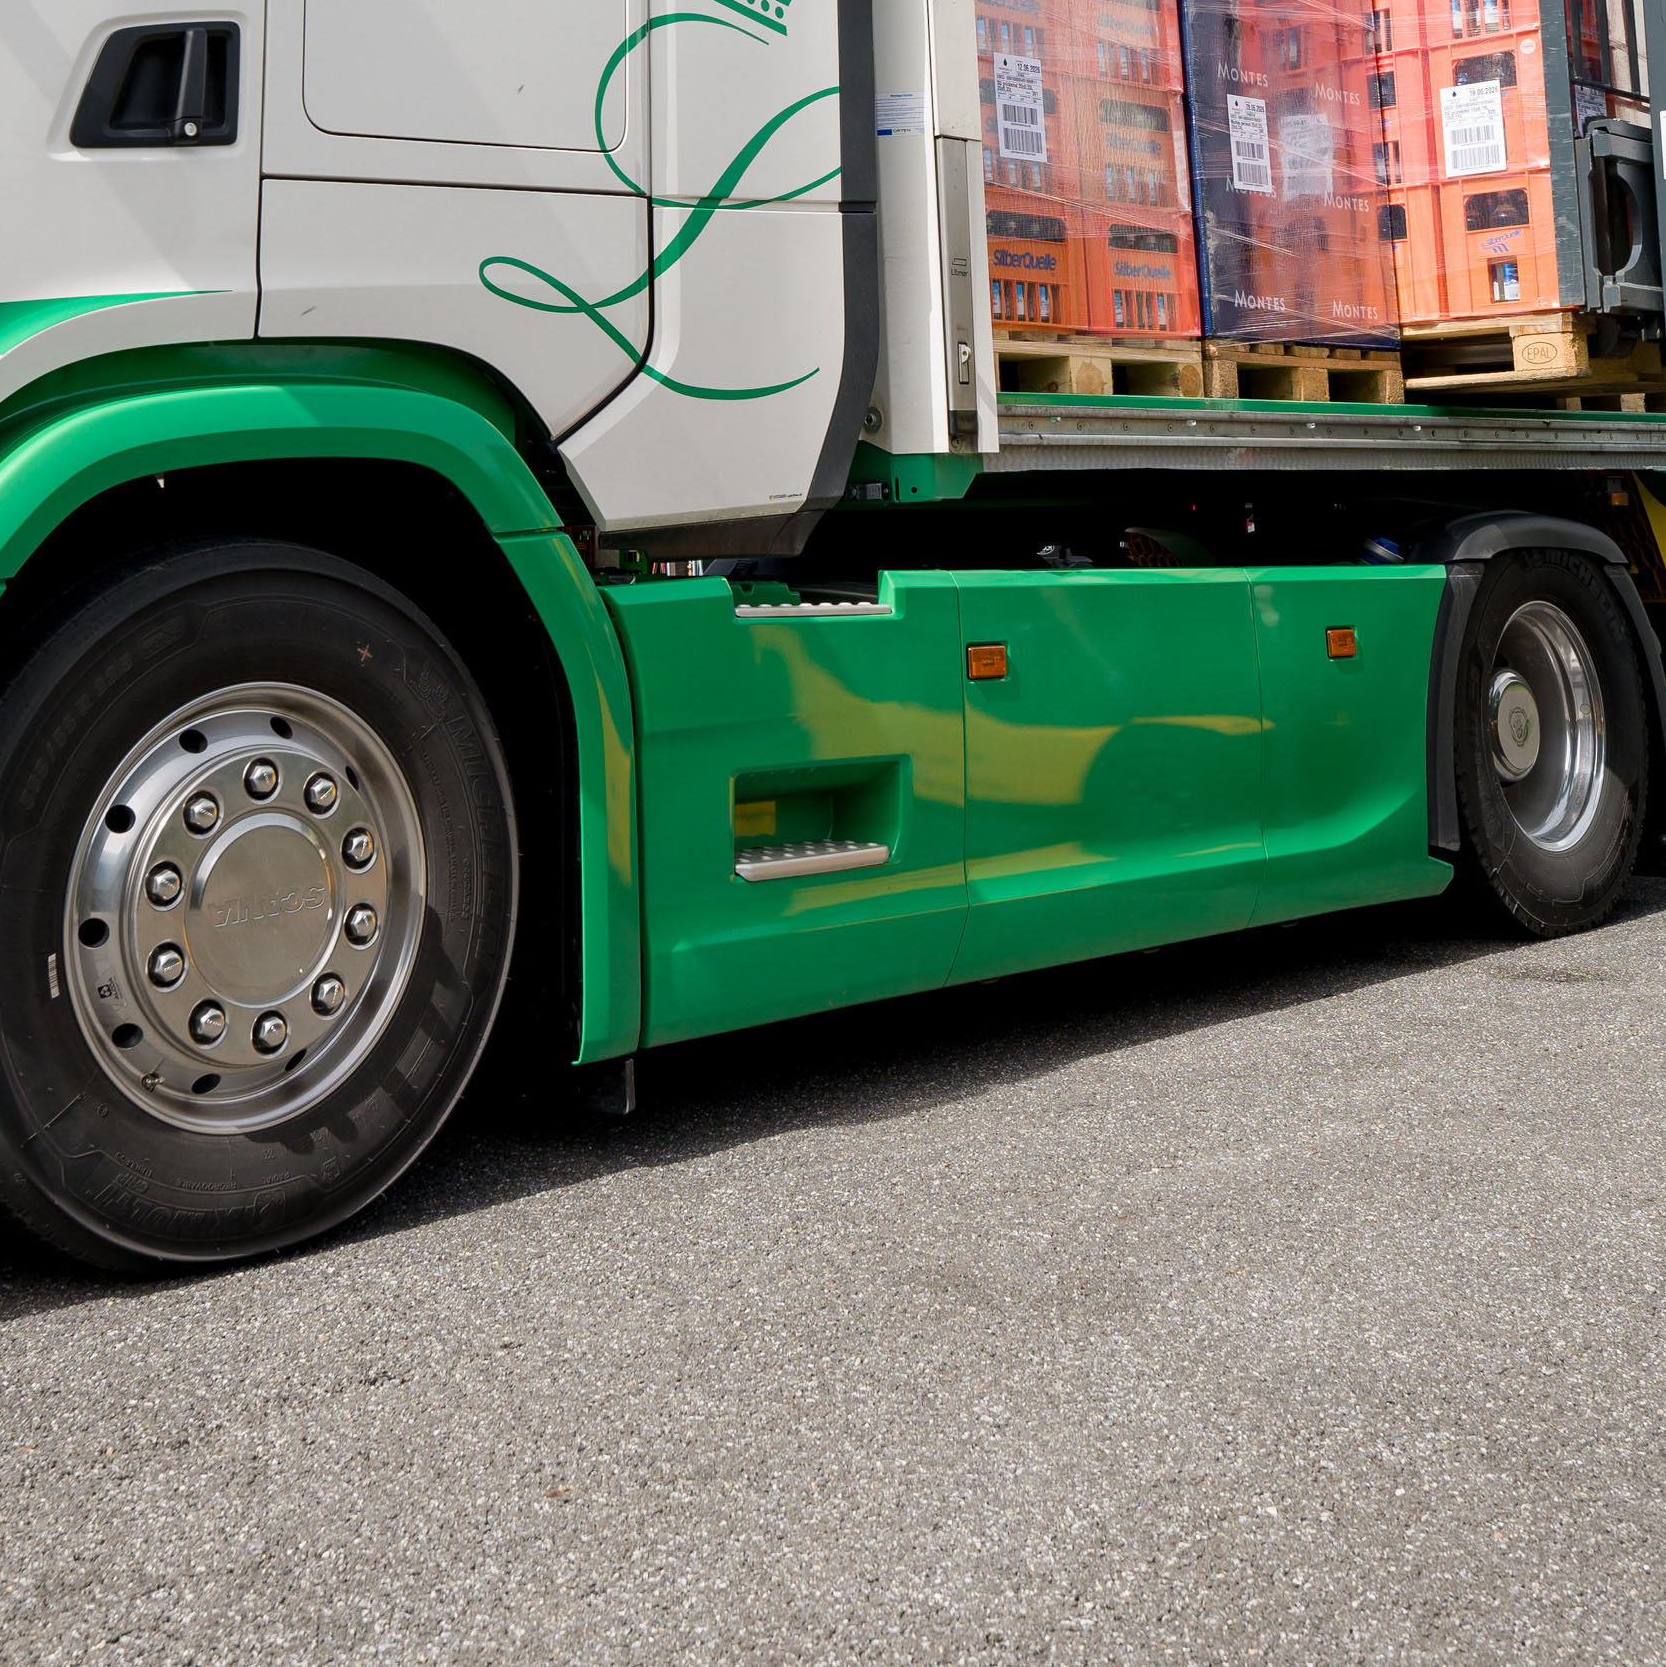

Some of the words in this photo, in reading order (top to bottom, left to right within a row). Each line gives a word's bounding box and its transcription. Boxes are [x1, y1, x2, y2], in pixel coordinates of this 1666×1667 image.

[1217, 62, 1269, 88] MONTES
[1315, 82, 1361, 106] MONTES
[1323, 190, 1370, 214] MONTES
[992, 249, 1058, 272] SilberQuelle
[1114, 261, 1173, 282] SilberQuelle
[1234, 289, 1286, 312] MONTES
[1332, 300, 1378, 320] MONTES
[1527, 344, 1553, 361] EPAL
[213, 883, 326, 929] SCANIA
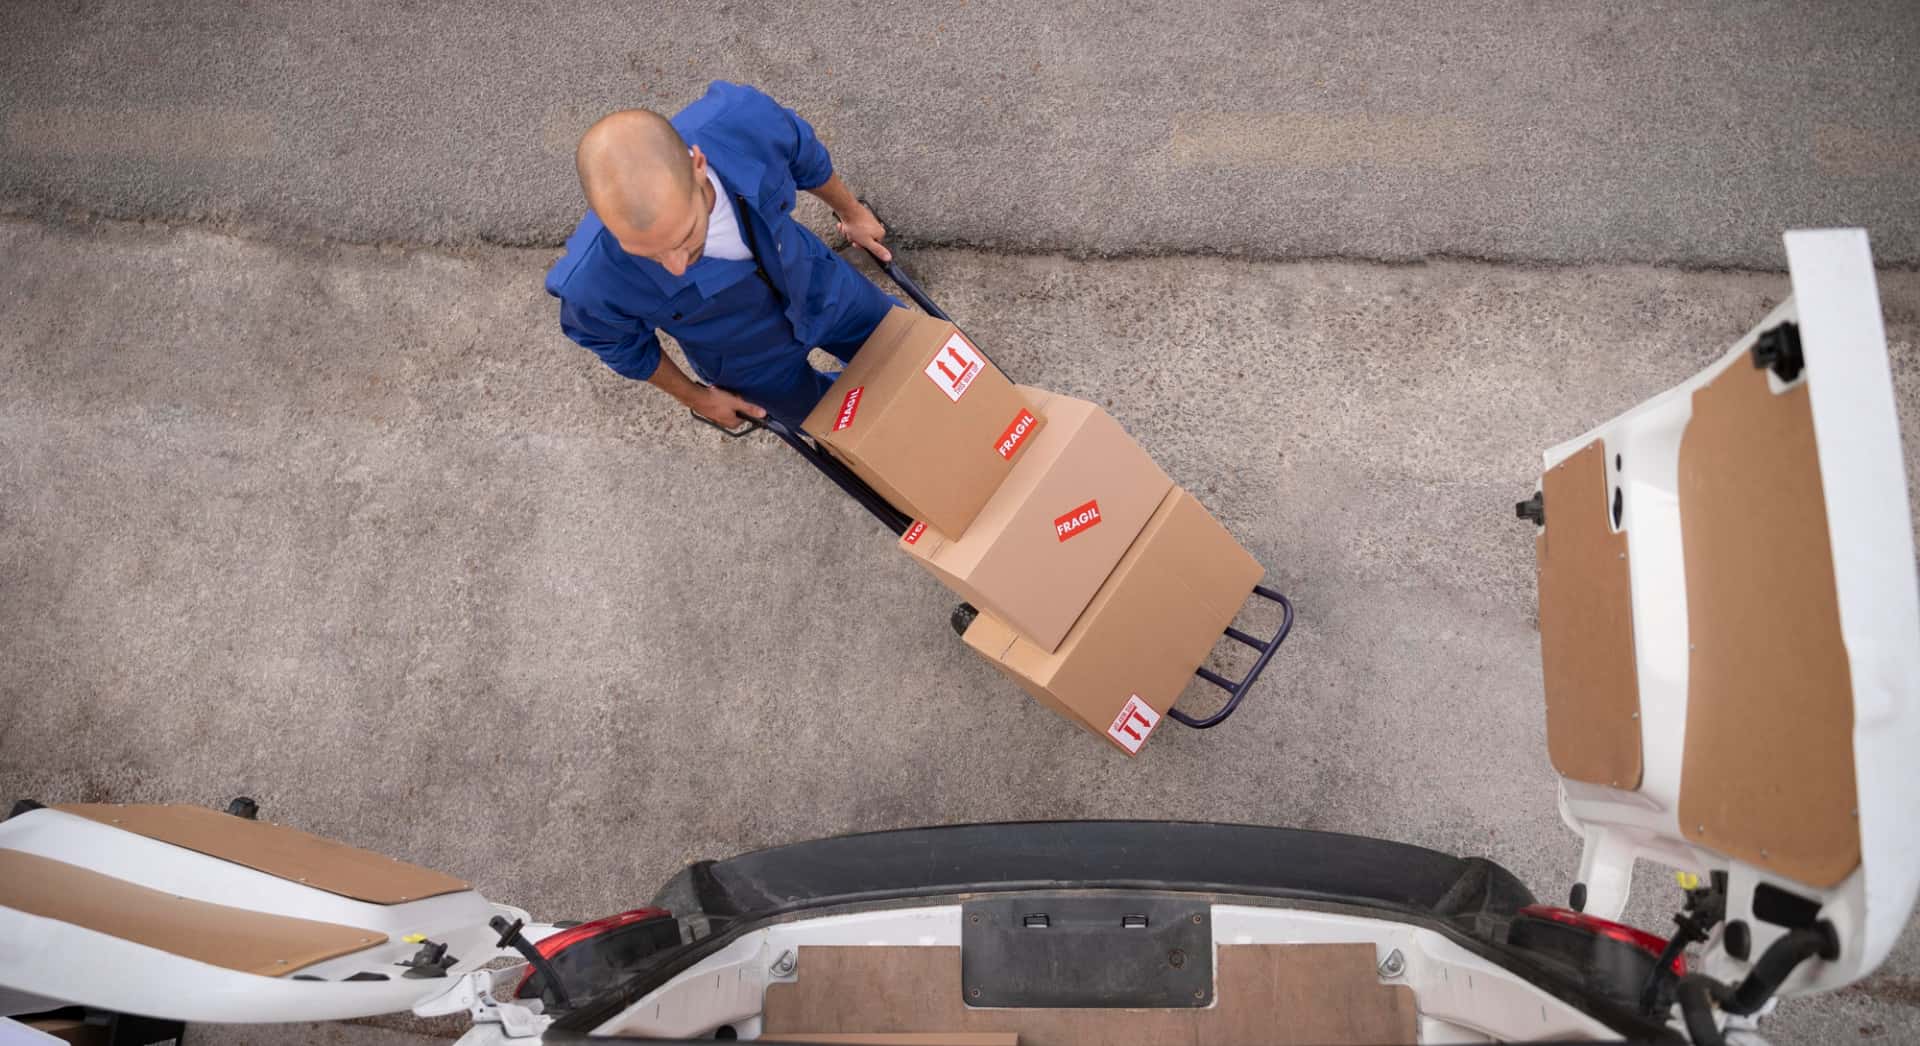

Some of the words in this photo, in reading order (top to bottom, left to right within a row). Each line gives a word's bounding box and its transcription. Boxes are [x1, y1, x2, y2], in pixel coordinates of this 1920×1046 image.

[838, 388, 860, 430] FRAGIL
[998, 415, 1034, 457] FRAGIL
[906, 523, 924, 541] GIL
[1057, 507, 1099, 536] FRAGIL
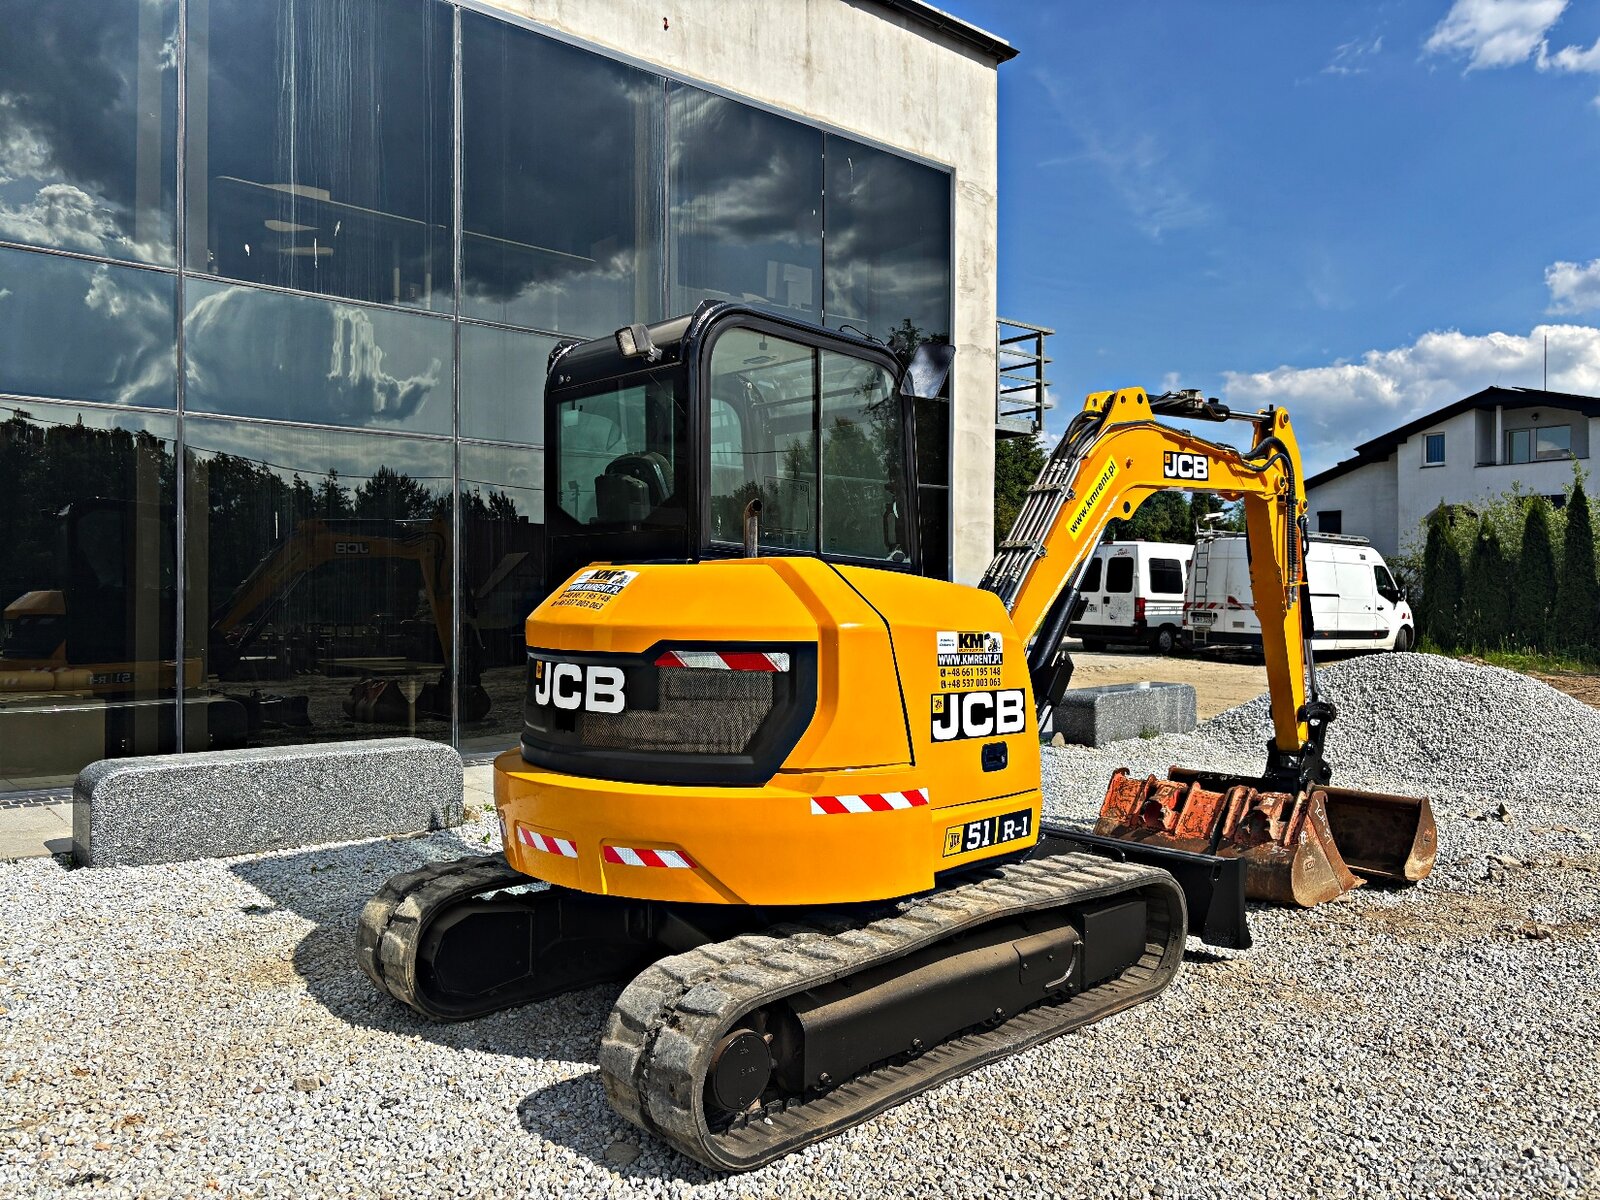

● TASK REQUIREMENTS: No picture belongs in the copy. Print every entry above exactly as it stands.

● WRITTEN ANSWER:
Some of the words in this photo, in reading order (top to bottom, left to right within a row). Each line gives a word's bounding box and its transcription. Boxes are [x1, y1, x2, y2], in pixel coordinates of this 1666×1667 image.

[1217, 62, 1269, 88] MONTES
[1315, 82, 1361, 106] MONTES
[1323, 190, 1370, 214] MONTES
[992, 249, 1058, 272] SilberQuelle
[1114, 261, 1173, 282] SilberQuelle
[1234, 289, 1286, 312] MONTES
[1332, 300, 1378, 320] MONTES
[1527, 344, 1553, 361] EPAL
[213, 883, 326, 929] SCANIA

Some of the words in this photo, in reading order (top to bottom, left to right within a row). Each line gives a word's bounding box and its transcription. Boxes are [x1, y1, x2, y2], in pixel coordinates of this 1920×1046 image.

[838, 388, 860, 430] FRAGIL
[998, 415, 1034, 457] FRAGIL
[906, 523, 924, 541] GIL
[1057, 507, 1099, 536] FRAGIL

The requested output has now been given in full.